Stored data entries:
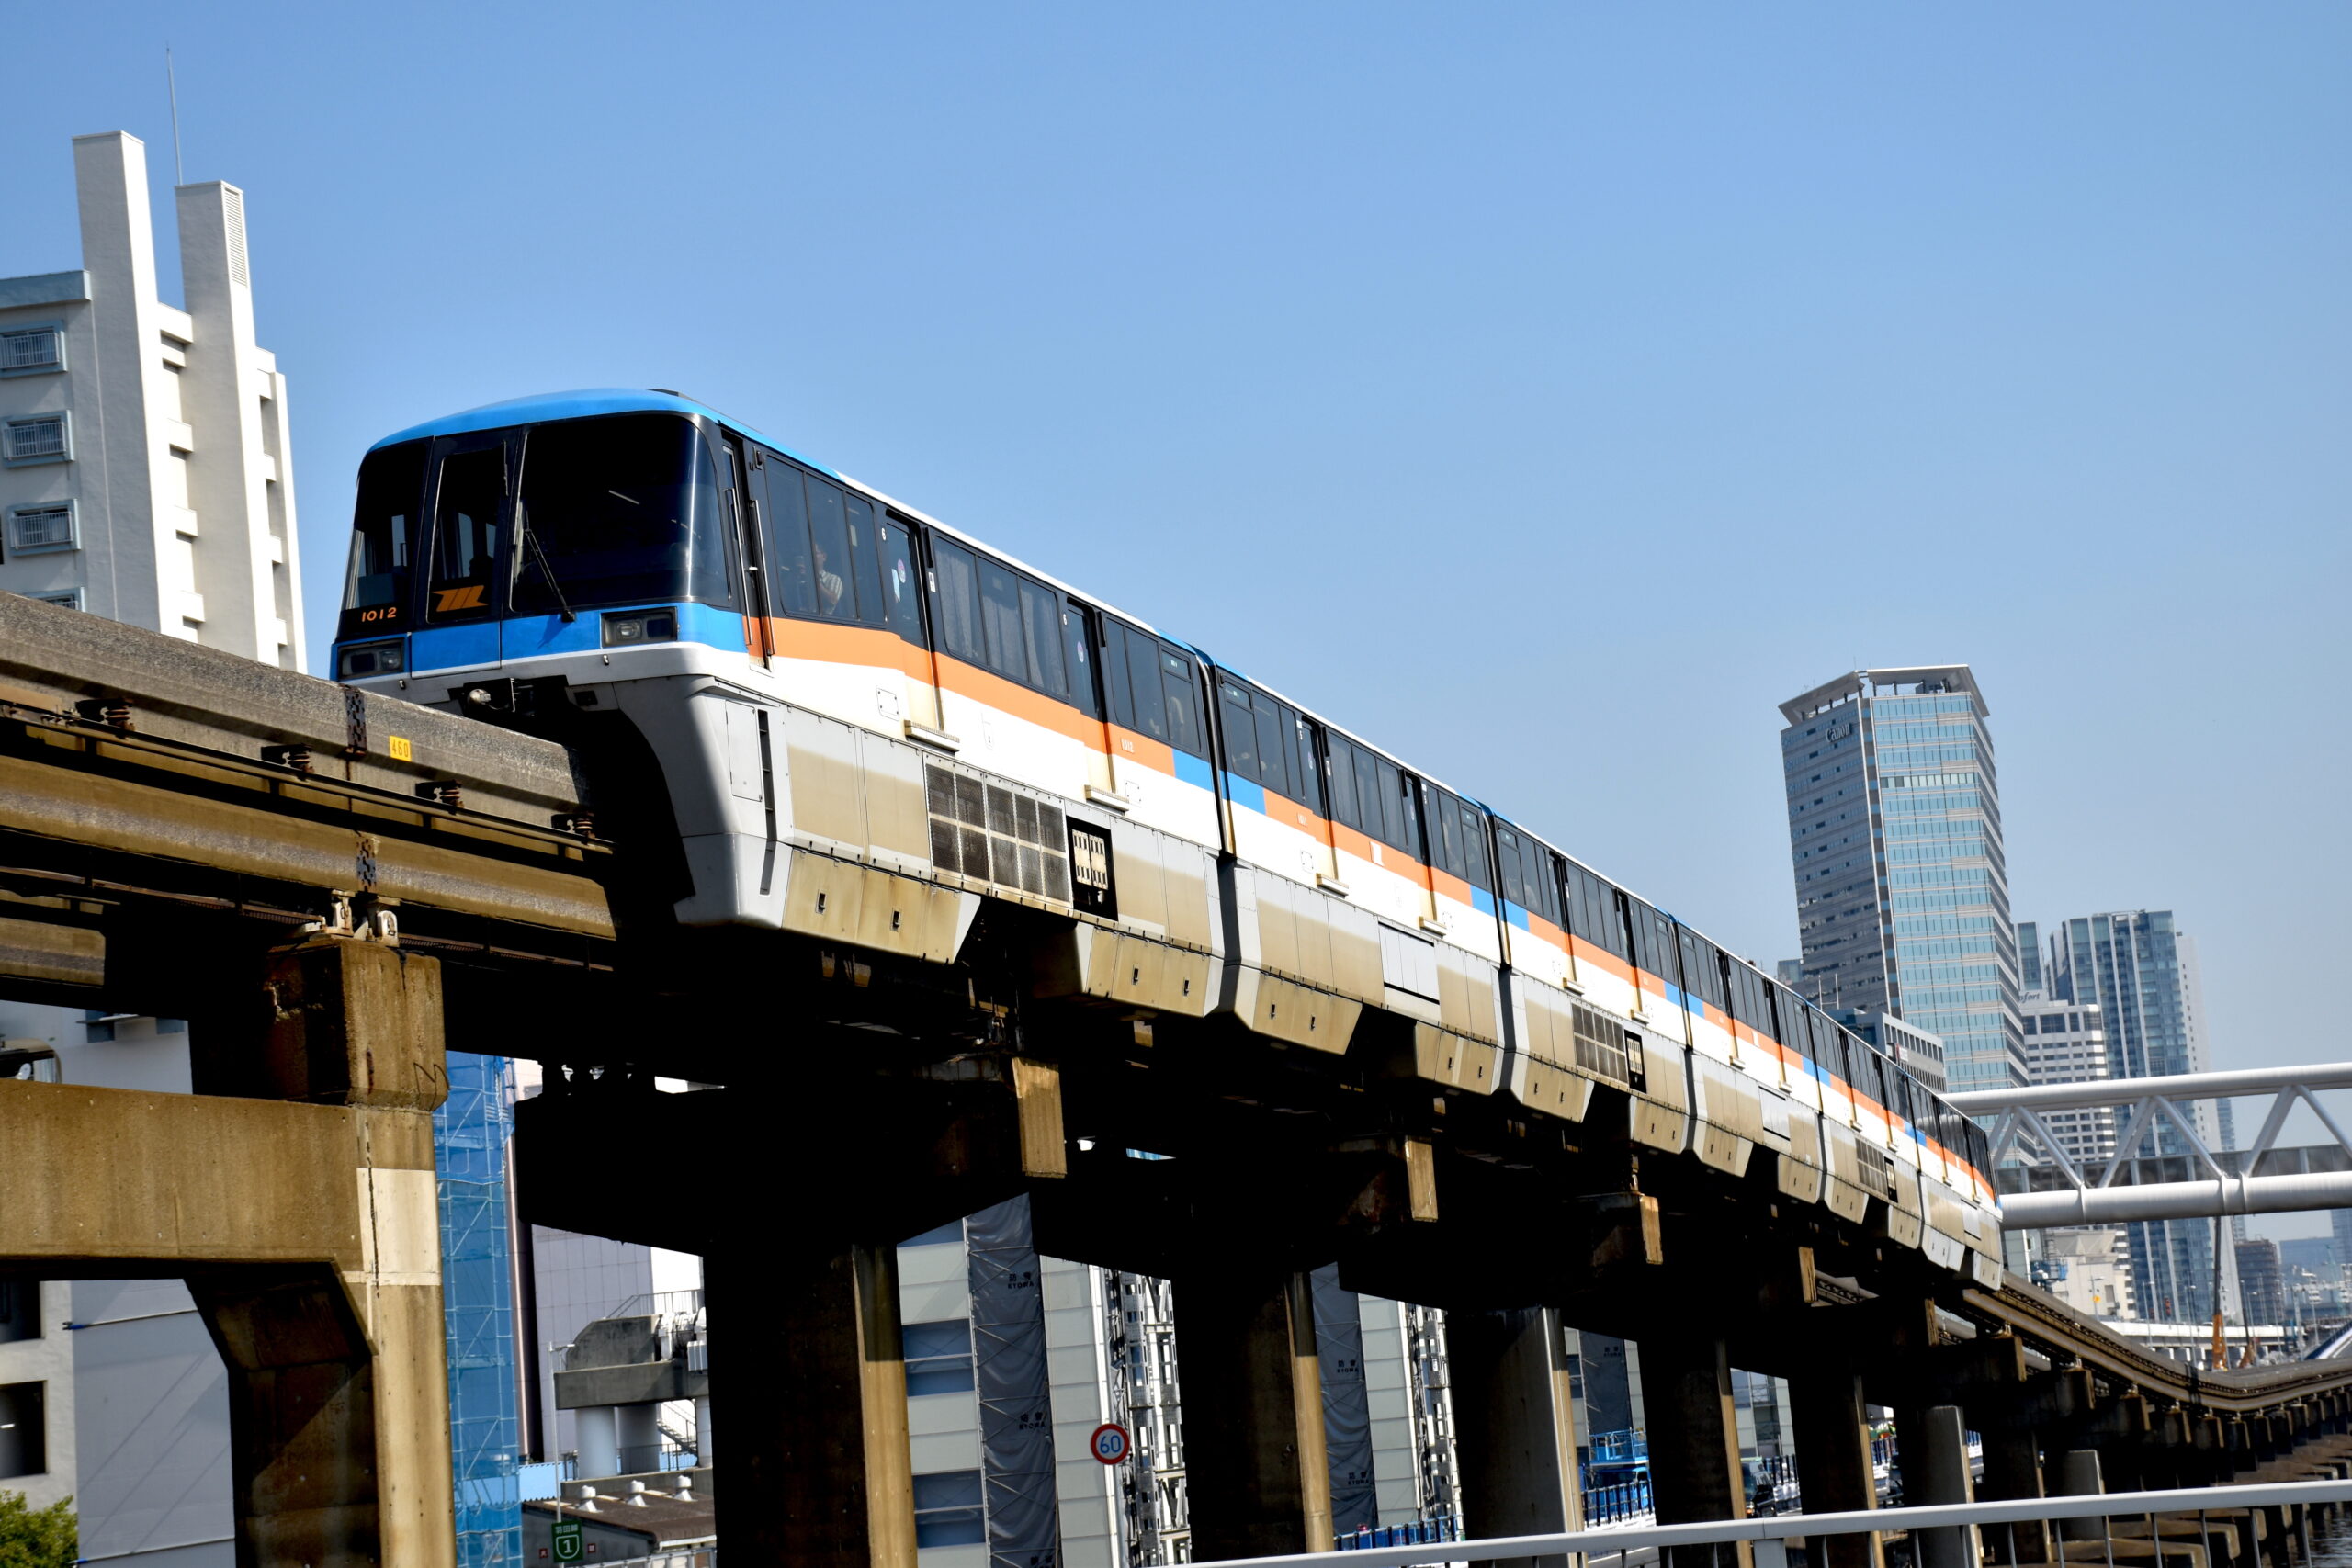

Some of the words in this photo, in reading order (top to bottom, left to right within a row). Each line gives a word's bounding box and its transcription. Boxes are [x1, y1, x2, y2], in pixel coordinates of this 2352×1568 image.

[361, 606, 397, 623] 1012
[1826, 723, 1850, 743] Canon
[1100, 1435, 1122, 1454] 60
[562, 1539, 573, 1554] 1

| Activity |
Would you retype all the lines shown above, exactly as written and without any picture?

| Answer below |
Some of the words in this photo, in reading order (top to bottom, left to right within a row). Each line gives a word's bounding box and its transcription. Boxes are [x1, y1, x2, y2], in pixel coordinates of this 2352×1568 image.

[361, 606, 397, 623] 1012
[1826, 723, 1850, 743] Canon
[1100, 1435, 1122, 1454] 60
[562, 1539, 573, 1554] 1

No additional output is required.